Montreal Toasts Gaultier

 

 

“The crowd is ecstatic!” shouted the fashion historian Valerie Steele. She was referring to the more than 2,000 fans at Tuesday’s preview opening of “The Fashion World of Jean Paul Gaultier: From the Sidewalk to the Catwalk,” the designer’s first major solo exhibition, at the Montreal’s Musée des Beaux-Arts. (It opens to the public today.) The guests had lined up for hours in front of the museum to catch a glimpse of the show and, with luck, of the man insiders call “fashion’s enfant terrible.” That proved nearly impossible; every room was packed, with visitors struggling to reach a bar or a faraway friend.

 

The previous night, at a smaller, invitation-only party, the singer Arielle Dombasle sang “Porque Te Vas” in a sheer lace dress and thanked the designer. “For all these years,” she said, “Gaultier has created beautiful things with grace, with arrogance, with insolence, and he was always close to artists.” But now Gaultier was close to throngs of admirers, whose excitement neared hysteria when he stepped onto a stage with his muse, the former model Farida Khelfa; the museum’s director, Nathalie Bondil; and the show’s curator, Thierry-Maxime Loriot. “‘Retrospective’ sounds like a funeral,” the designer said. “And I don’t feel dead yet!”

 

With some of Montreal’s leading scenographers and curators, Loriot had gathered both couture and ready-to-wear pieces from four decades of Gaultier’s career, arranging them by theme (“The Boudoir,” “Urban Jungle”) and mixing them with photographs, videos, sound recordings and other memorabilia from the designer’s childhood. Among the designs on display were tattoo-covered sheer bodysuits, a nude corset with metal cone breasts and a white lace dress with cutouts in the shapes of religious icons.
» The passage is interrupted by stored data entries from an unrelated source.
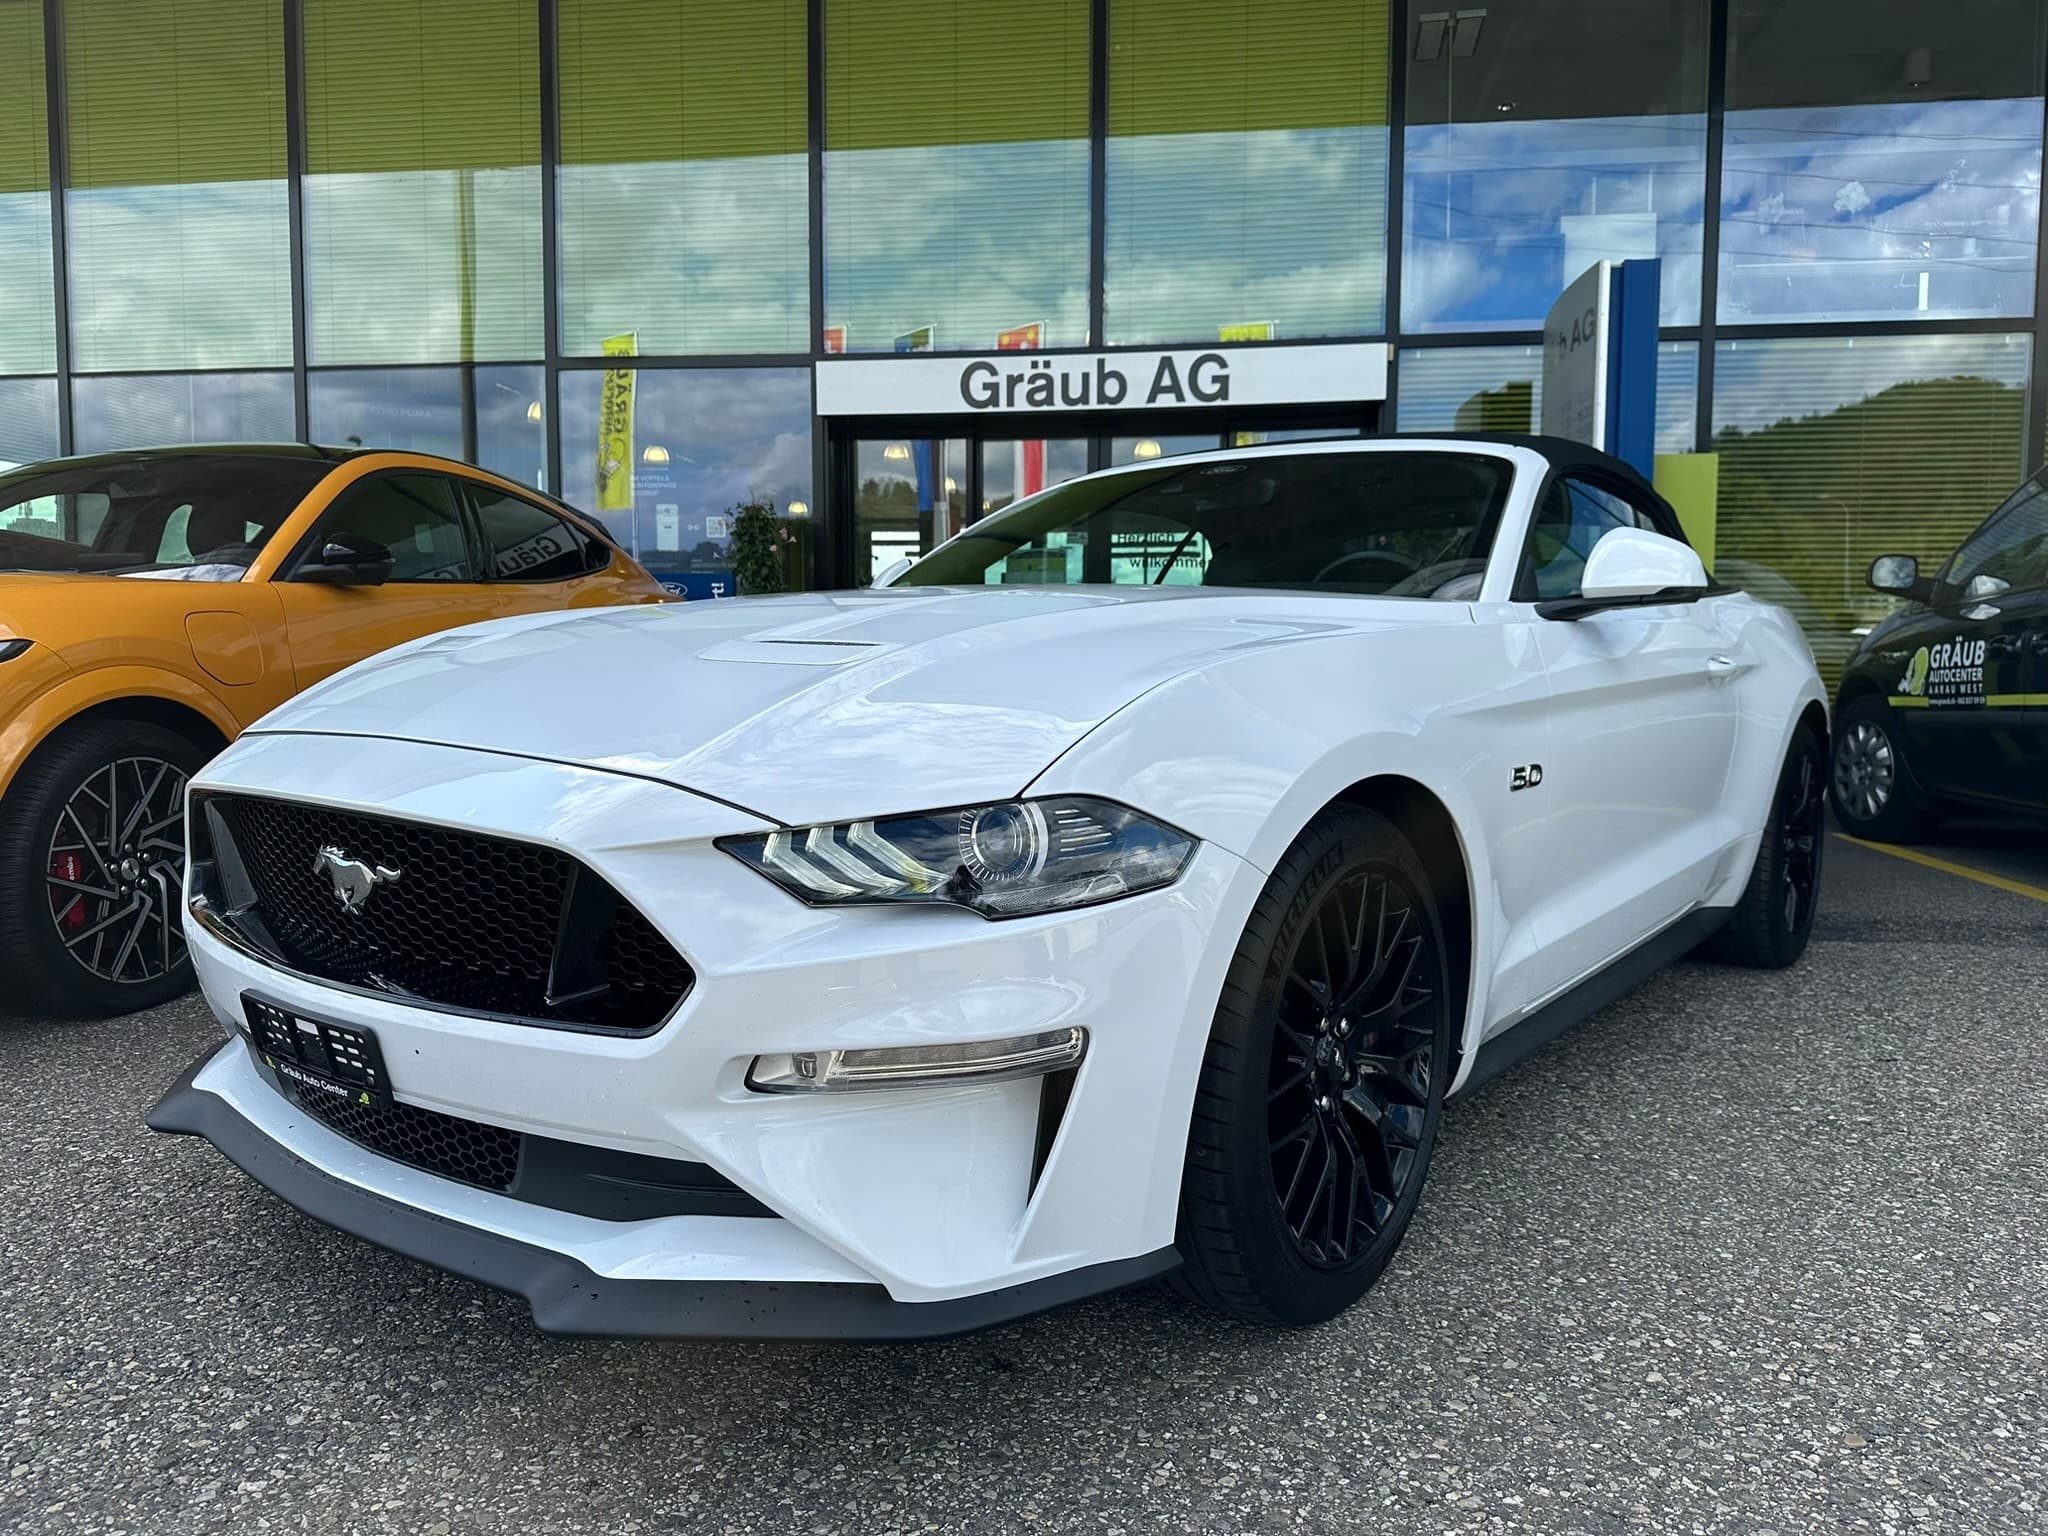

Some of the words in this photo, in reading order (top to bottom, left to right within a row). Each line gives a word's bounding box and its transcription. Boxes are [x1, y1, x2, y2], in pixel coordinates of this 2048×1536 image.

[960, 358, 1127, 409] Gräub
[1146, 354, 1230, 403] AG
[1930, 635, 1986, 669] GRÄUB
[1929, 667, 1983, 683] AUTOCENTER
[1960, 683, 1983, 693] WEST
[303, 1073, 321, 1088] Auto
[320, 1080, 349, 1097] Center
The stage director and scenographer Denis Marleau had created mannequins with anthropomorphic faces so expressive that some visitors mistook them for the real people.

 

Later, the beaming designer circulated through the mannequin-filled galleries, posing and signing autographs. “People here are very sympa, not snobby like in Paris,” he said, holding his finger on his nose. The fashion critic Suzy Menkes, an old friend of Gaultier’s, trotted around in an emerald-green Dries Van Noten dress, snapping pictures of Dombasle, Gaultier and Loriot, who was wearing a black bow tie and a skirt.

 

The festivities ended at a sleek downtown penthouse with a panoramic view on the city. With the electro-rock beats of DJ Frigid blaring, young men in skinny leather pants drank tequila, danced and exchanged anecdotes about their encounters with the couturier. “Too bad Gaultier is not here right now,” one magazine editor said. “We’d be that much closer to Lady Gaga!”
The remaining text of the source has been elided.